Tuesday 4 November 2014

Scary Driving Season Begins

    Driving in the Interior of BC during the summer can be a pleasurable experience.  There is always the danger of a deer, moose. or bear jumping unexpectedly out onto the highway in front of you, but generally the good visibility, long daylight hours, and the dry pavement make driving fairly safe endeavor.  Fall and winter however, present a different story.  Night driving, animals on the road, and snowy slippery highway conditions always makes winter travel a throw of the dice.

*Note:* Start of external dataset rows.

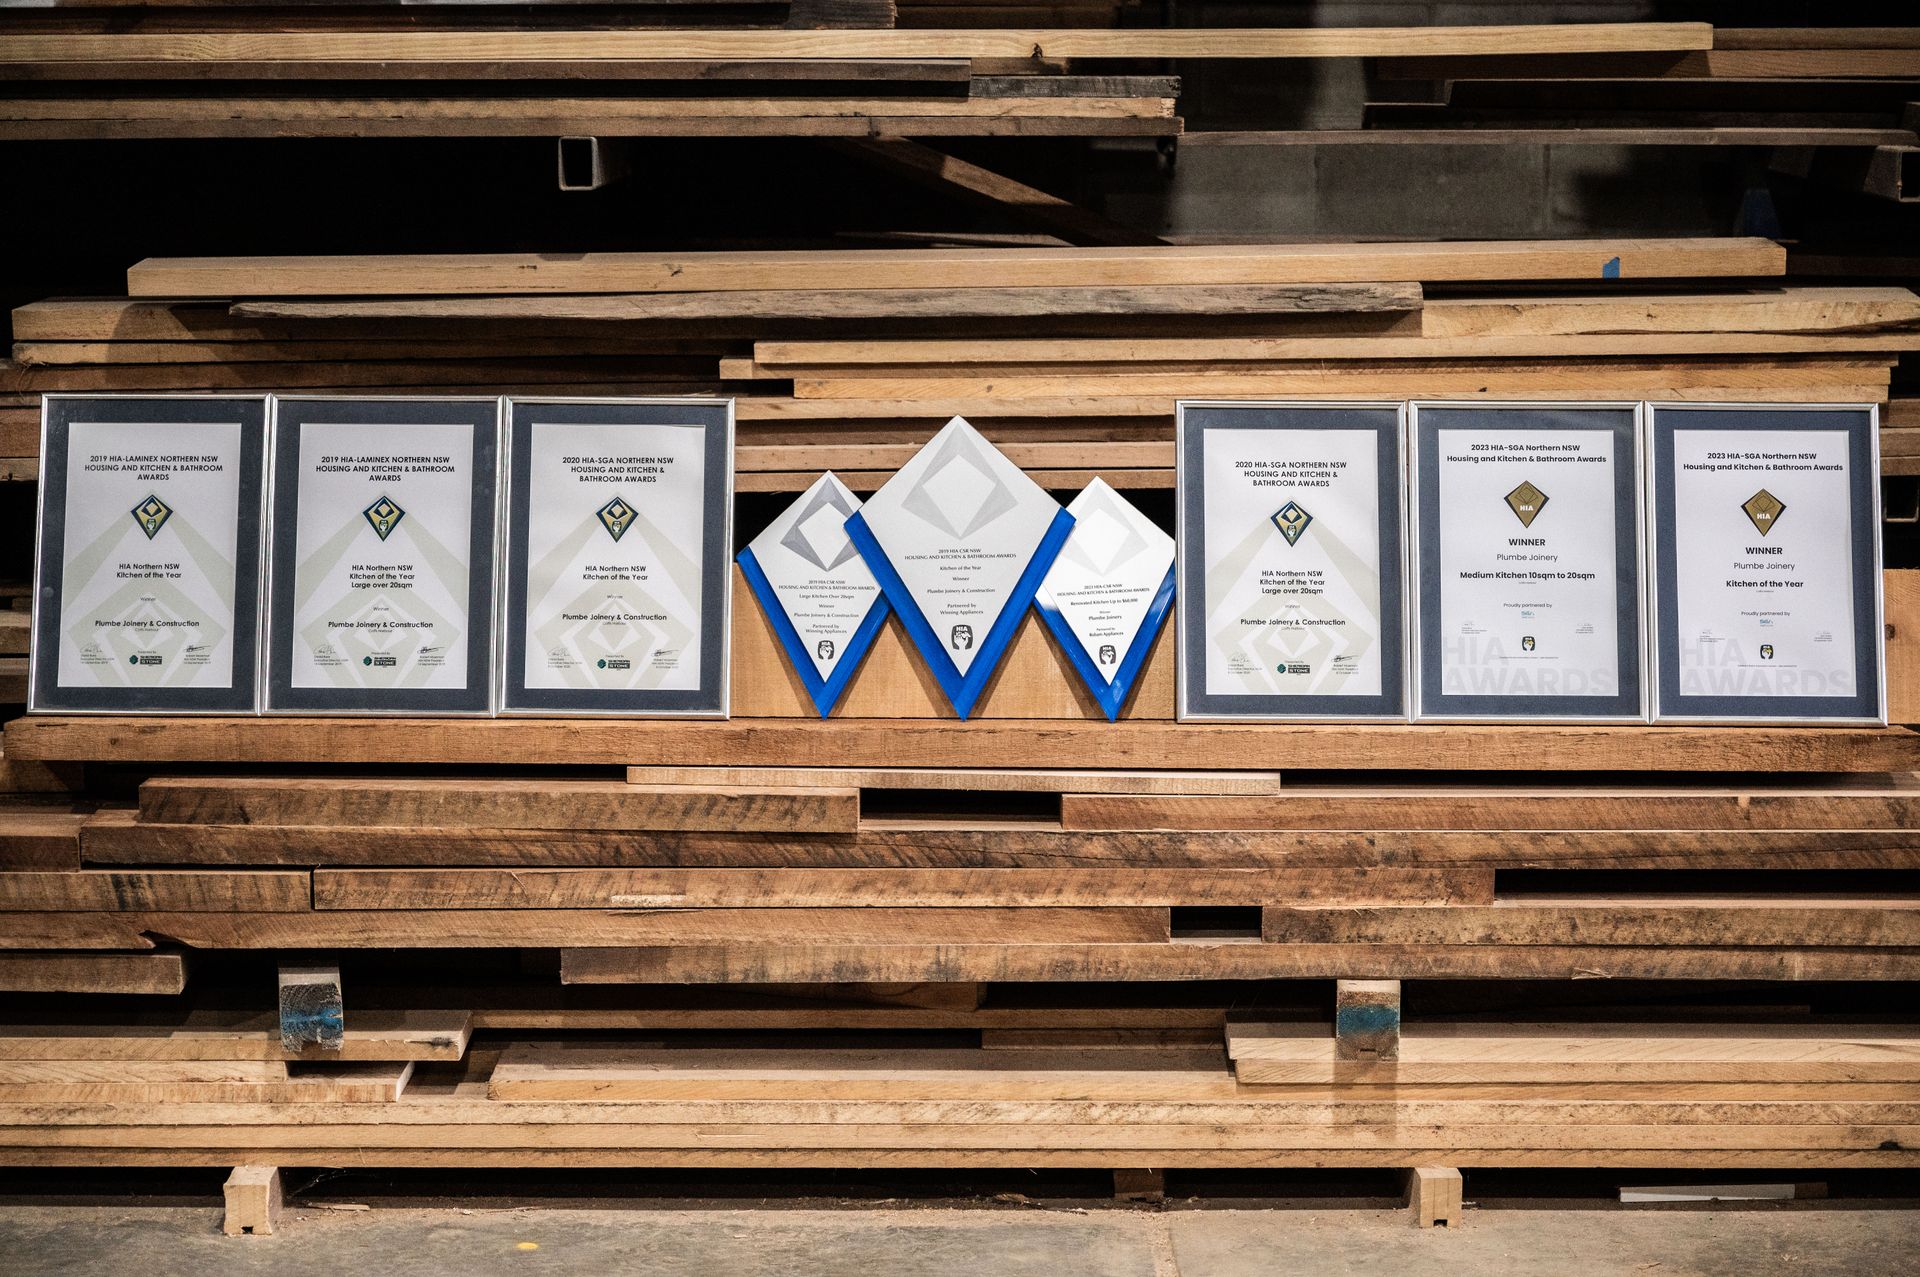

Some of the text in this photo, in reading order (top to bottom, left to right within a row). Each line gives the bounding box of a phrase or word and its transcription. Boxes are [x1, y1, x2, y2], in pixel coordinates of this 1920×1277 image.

[1529, 554, 1558, 562] Joinery
[1766, 562, 1795, 571] Joinery
[1529, 572, 1555, 580] 10sqm
[1567, 572, 1595, 580] 20sqm
[1445, 668, 1612, 694] AWARDS
[1681, 669, 1849, 695] AWARDS
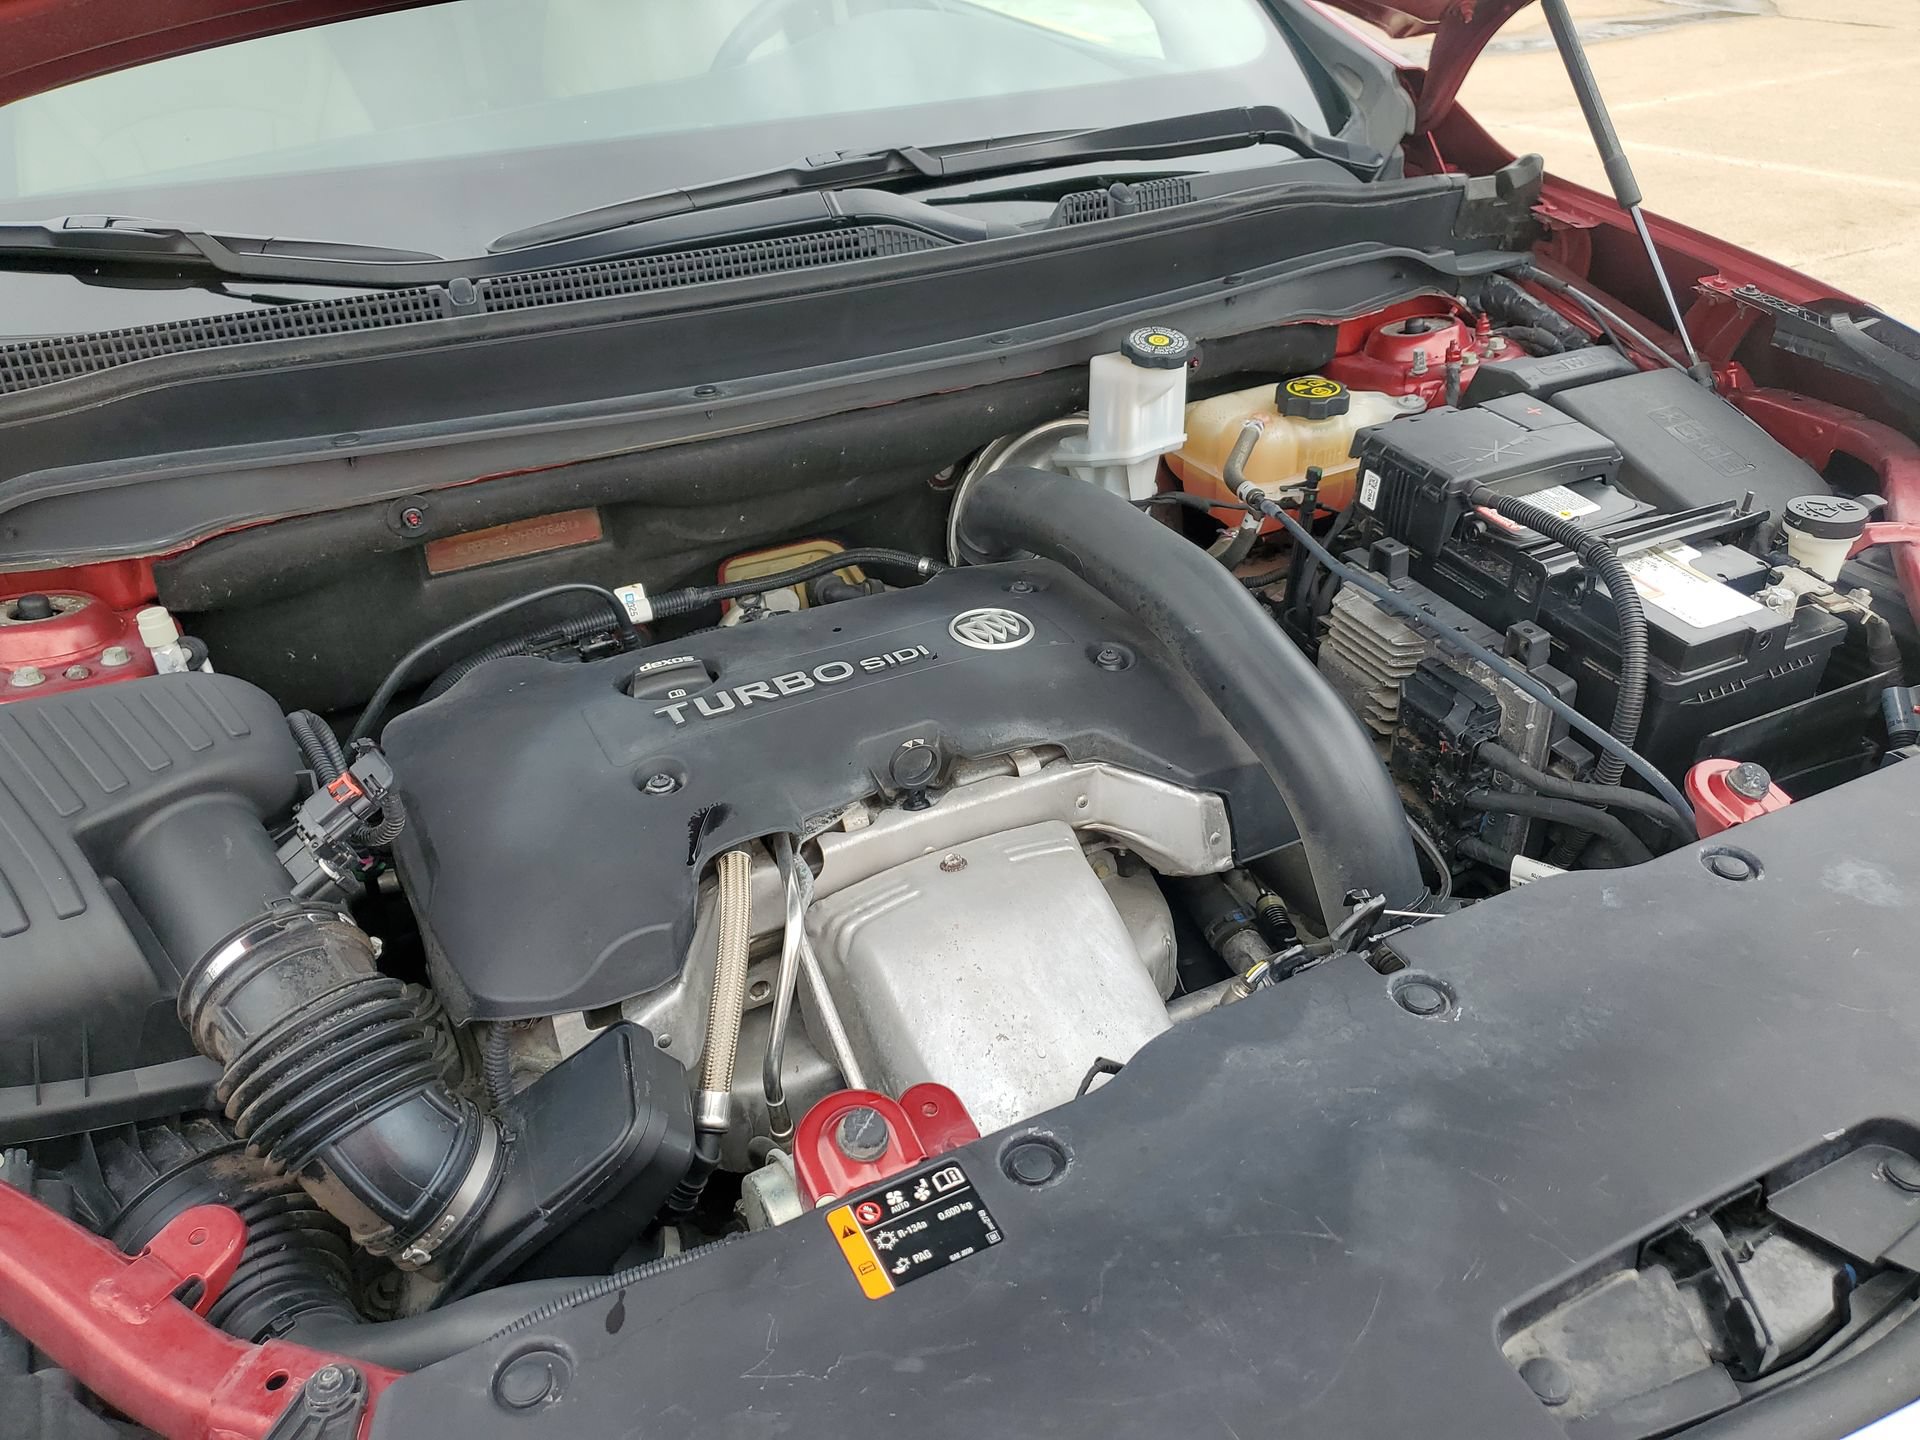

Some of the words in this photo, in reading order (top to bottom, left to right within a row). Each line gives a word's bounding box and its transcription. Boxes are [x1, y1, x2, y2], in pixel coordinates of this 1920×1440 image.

[639, 654, 695, 672] dexos
[653, 660, 855, 725] TURBO
[860, 645, 931, 672] SIDI
[891, 1202, 910, 1214] AUTO
[897, 1221, 928, 1238] R-134a
[960, 1201, 974, 1213] kg
[911, 1249, 933, 1265] PAG

    Yesterday, was the first such scary trip of the season for me.  Joan was flying in to Prince George, returning from her visit with her brother.  Her plane was scheduled to land at 9:00 AM, so that meant that I had to get up at 5:30 in order to make it up to Prince George in time.
    It was a bad drive.  The first part of the drive was in the dark, plus because it had been raining during the night, and the temperature had then dropped below freezing, there was black ice on the road.  Black ice is a thin layer of ice on the covering the surface of the road, which is very difficult to see, but you can sure feel it.  Oh yeah, there was also fog.  It all contributed to a long, slow, white-knuckle 3 hour drive.
    Fortunately, there was very little traffic and I didn’t meet any animals on the road.  I took it slow, and made it to the airport in time, but it wasn’t very enjoyable.  
    The Prince George airport is built in one of the foggiest places they could have picked.  The whole area surrounding the airport was a blanket of pea soup fog particularly in the fall and spring.  That prevented Joan’s plane from landing on time, and it had to circle around with 4 other planes for an hour before it finally did land, although it was still pretty foggy.  
    Joan got off the plane and had a happy reunion with Skye, once we got back to the car.  It is always such a relief to finally arrive safely at home after such a trip to Prince George, particularly during the fall and winter months.